The entries below should be quoted exactly, with no pictures carried over.

Start of Data for review

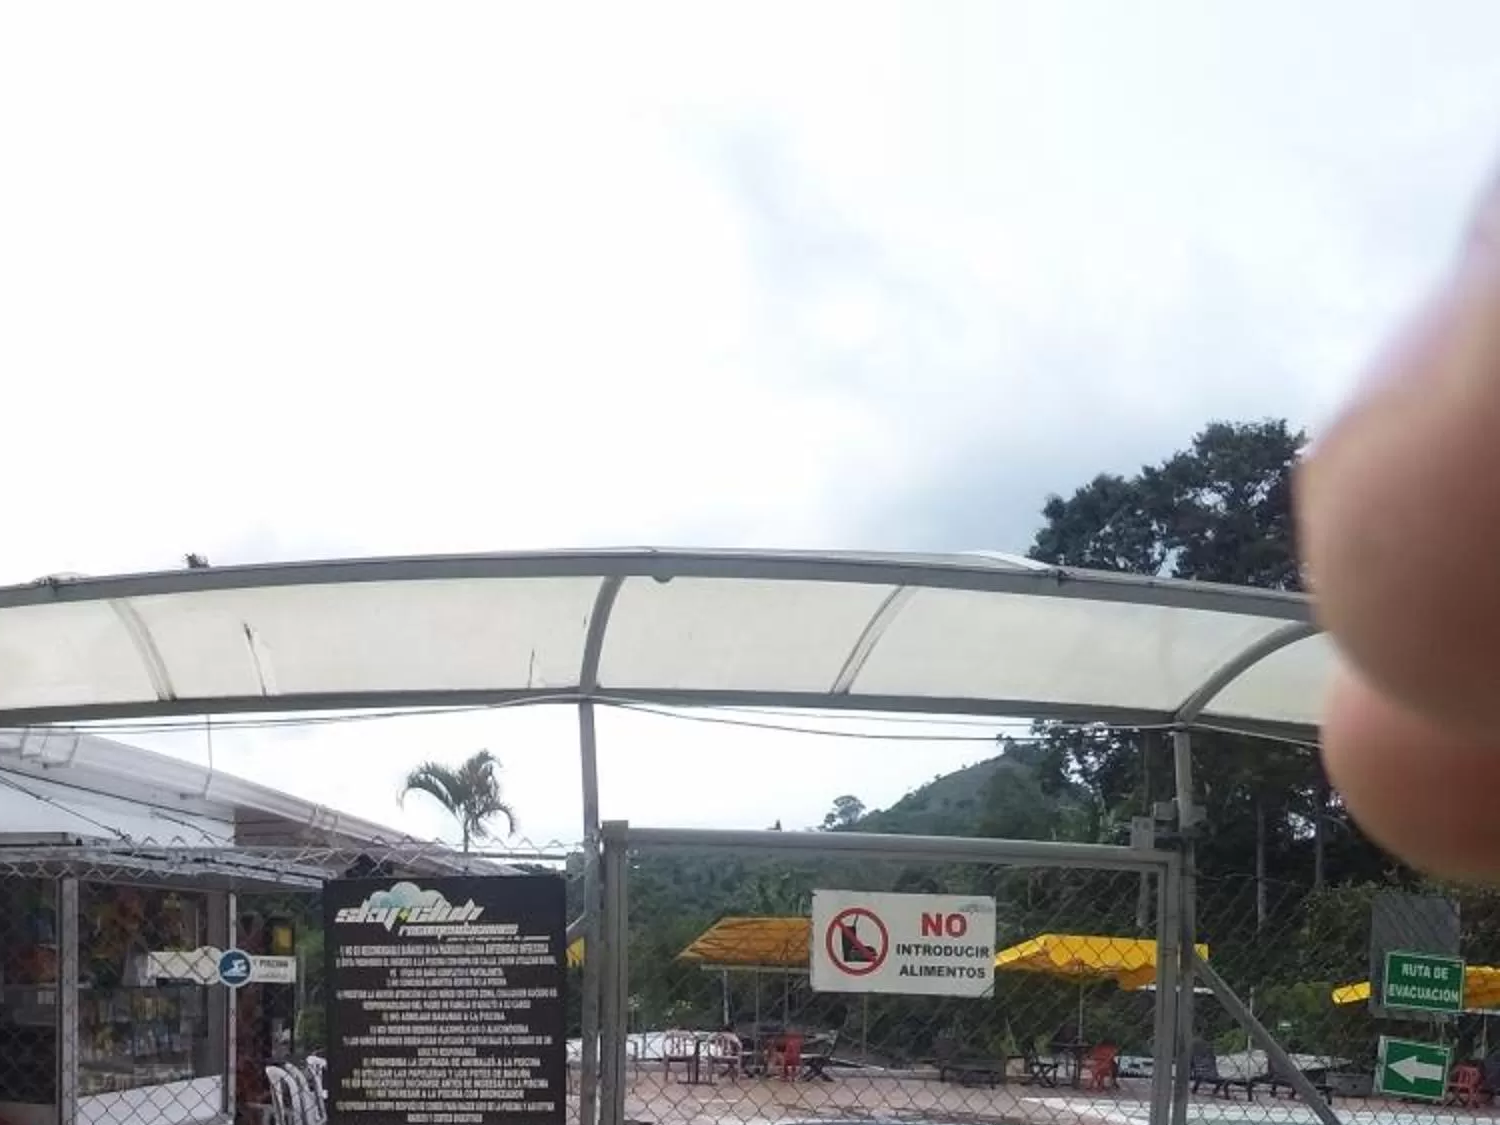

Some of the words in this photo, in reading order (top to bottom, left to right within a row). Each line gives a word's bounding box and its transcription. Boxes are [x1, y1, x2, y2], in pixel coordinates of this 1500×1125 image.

[921, 912, 967, 938] NO
[896, 943, 990, 959] INTRODUCIR
[899, 965, 986, 979] ALIMENTOS
[1401, 963, 1431, 979] RUTA
[1433, 966, 1449, 980] DE

End of Data for review

## Reply to the task
Some of the words in this photo, in reading order (top to bottom, left to right within a row). Each line gives a word's bounding box and its transcription. Boxes are [x1, y1, x2, y2], in pixel coordinates of this 1500×1125 image.

[921, 912, 967, 938] NO
[896, 943, 990, 959] INTRODUCIR
[899, 965, 986, 979] ALIMENTOS
[1401, 963, 1431, 979] RUTA
[1433, 966, 1449, 980] DE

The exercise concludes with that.